About 800 striking union members were rallying at the gates of a nearby major petrochemical complex in Ulsan. They had cut the number of vehicles to one-tenth of normal levels on Friday, according to union officials.
South Korea is a major supplier of semiconductors, smartphones, autos, batteries and electronics goods. The strike has deepened uncertainty over global supply chains already disrupted by China’s strict COVID-19 curbs and Russia’s invasion of Ukraine.
The Transport Ministry said on Saturday it planned to meet with union representatives to continue talks aimed at ending the strike and called on union members to return to work immediately.

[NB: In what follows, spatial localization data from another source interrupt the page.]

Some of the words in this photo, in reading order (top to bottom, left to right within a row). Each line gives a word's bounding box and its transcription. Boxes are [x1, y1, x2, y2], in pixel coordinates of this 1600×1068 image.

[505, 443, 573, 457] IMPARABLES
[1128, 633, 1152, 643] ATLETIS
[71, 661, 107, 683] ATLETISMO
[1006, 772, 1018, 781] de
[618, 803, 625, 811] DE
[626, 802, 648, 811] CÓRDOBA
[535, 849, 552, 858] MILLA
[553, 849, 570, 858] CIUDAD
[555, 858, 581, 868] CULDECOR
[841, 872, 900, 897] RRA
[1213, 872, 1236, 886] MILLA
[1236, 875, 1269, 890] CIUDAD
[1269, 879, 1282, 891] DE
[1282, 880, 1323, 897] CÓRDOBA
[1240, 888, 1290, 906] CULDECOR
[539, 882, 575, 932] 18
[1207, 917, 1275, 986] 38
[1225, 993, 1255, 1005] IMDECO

At the country’s main seaport in Busan, tension was rising as union members hurled insults at non-union drivers entering the main gate and at the police on hand to ensure vehicles were passing through the gate, according to a Reuters witness.
Busan handles about 80% of the country’s container traffic which was down to a third of normal levels on Friday, a government official said.

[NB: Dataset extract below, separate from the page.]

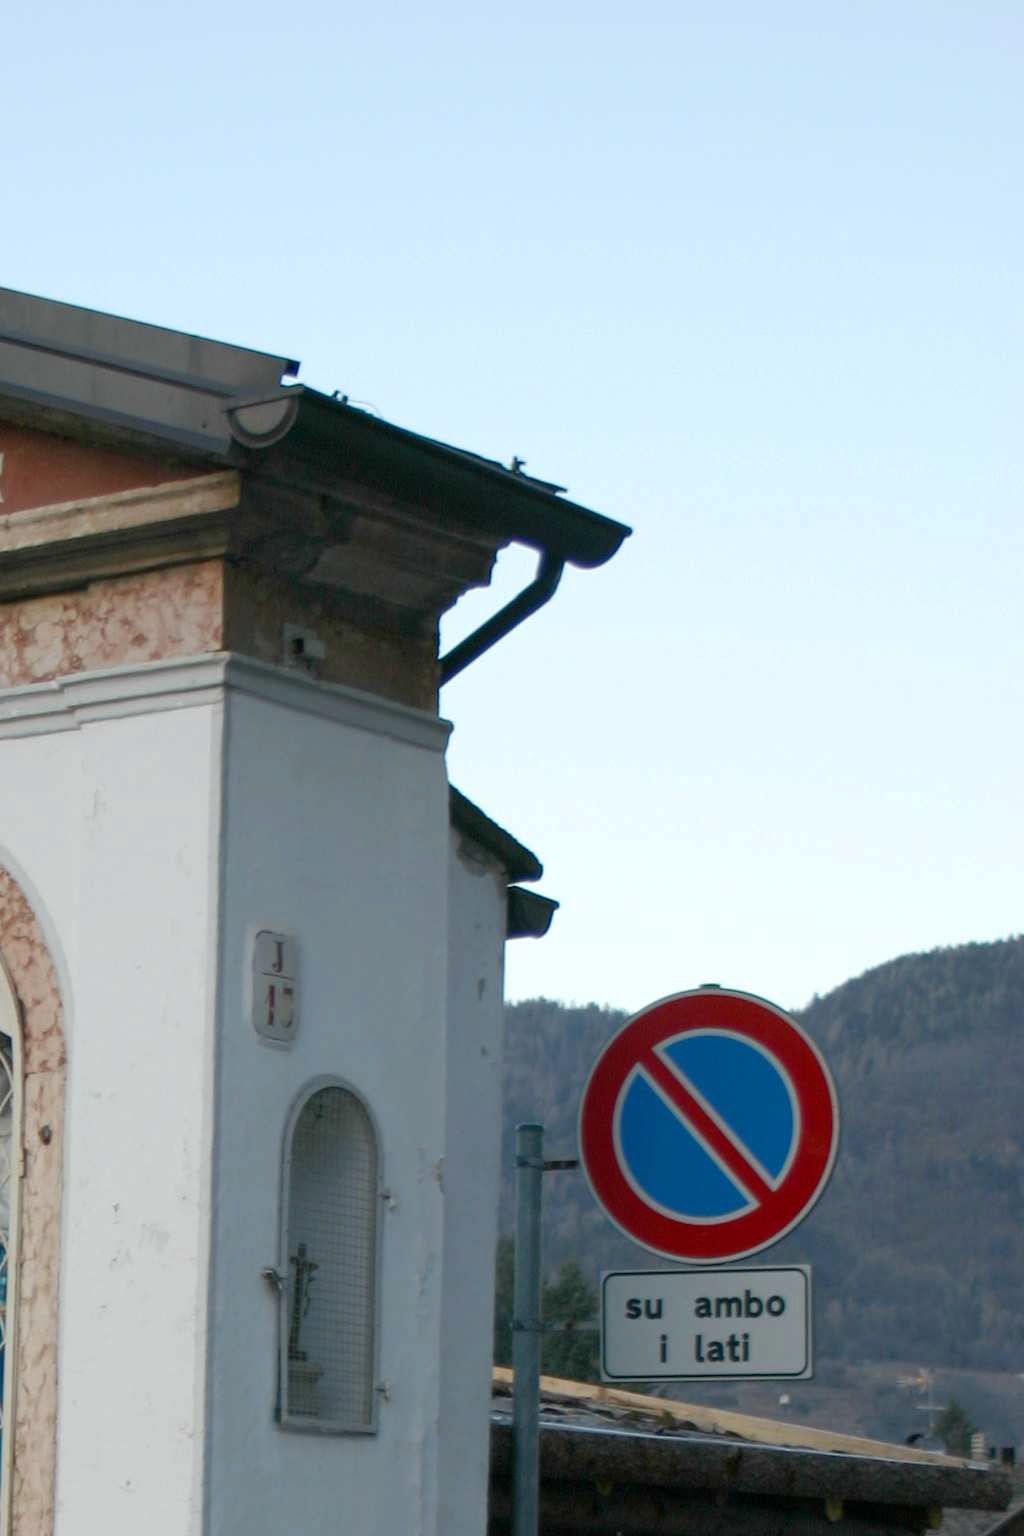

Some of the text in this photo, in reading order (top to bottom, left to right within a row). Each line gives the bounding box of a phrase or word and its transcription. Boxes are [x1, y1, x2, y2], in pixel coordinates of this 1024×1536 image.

[625, 1289, 786, 1320] su ambo
[659, 1333, 750, 1363] i lati

Some of the hundreds of strikers threw rocks and water bottles at moving vehicles and a union leader was egging on members to rise up even at the risk of arrests.
“Do you want to check out the police station?” he bellowed into a megaphone, to a boisterous “Yes!” from members.
“What has (President) Yoon done for us?” he said referring to conservative President Yoon Suk-yeol who took office a month ago after a campaign promoting a pro-business economic agenda.
Faced with one of his first major economic challenges, Yoon has taken what he calls a neutral stance, saying the government should not intervene in a matter between truckers and businesses that contract with them.
The truckers’ union’s Busan chapter chief Song Cheon-seok told Reuters members are ready to up the ante to push their demands.
Song reiterated union policy it will not stop non-union trucks from passing. It is targeting mostly vehicles transporting chips, auto parts, petrochemical products and fresh foods, he said.
About 7,350 truckers, a third of the 22,000 members of the Cargo Truckers Solidarity union, were expected to be on strike on Saturday, the Transport Ministry said. It estimates about 6% of the country’s 420,000 truckers are unionised.
The union contends a larger number of truckers were on strike and many non-union truckers are also choosing not to work.
A Hyundai Motor union official said production at the Ulsan plants picked up slightly on Friday and the factory was operating at about 60% capacity overall, slightly higher than the 50% to 60% level on Thursday.
Hyundai declined to specify the status of its operations or delivery of finished cars.
“There are some disruptions to our production due to the truckers strike, and we hope production would be normalised as soon as possible,” a Hyundai spokesperson said.
The union official said Saturday’s factory run had not been anticipated because of worsening parts supply issues but the company was pushing ahead, likely to meet growing backorders.
Hyundai employees have started driving finished cars out of the factory complex and parking those outside as they could not be delivered to customers because of the strike, he said.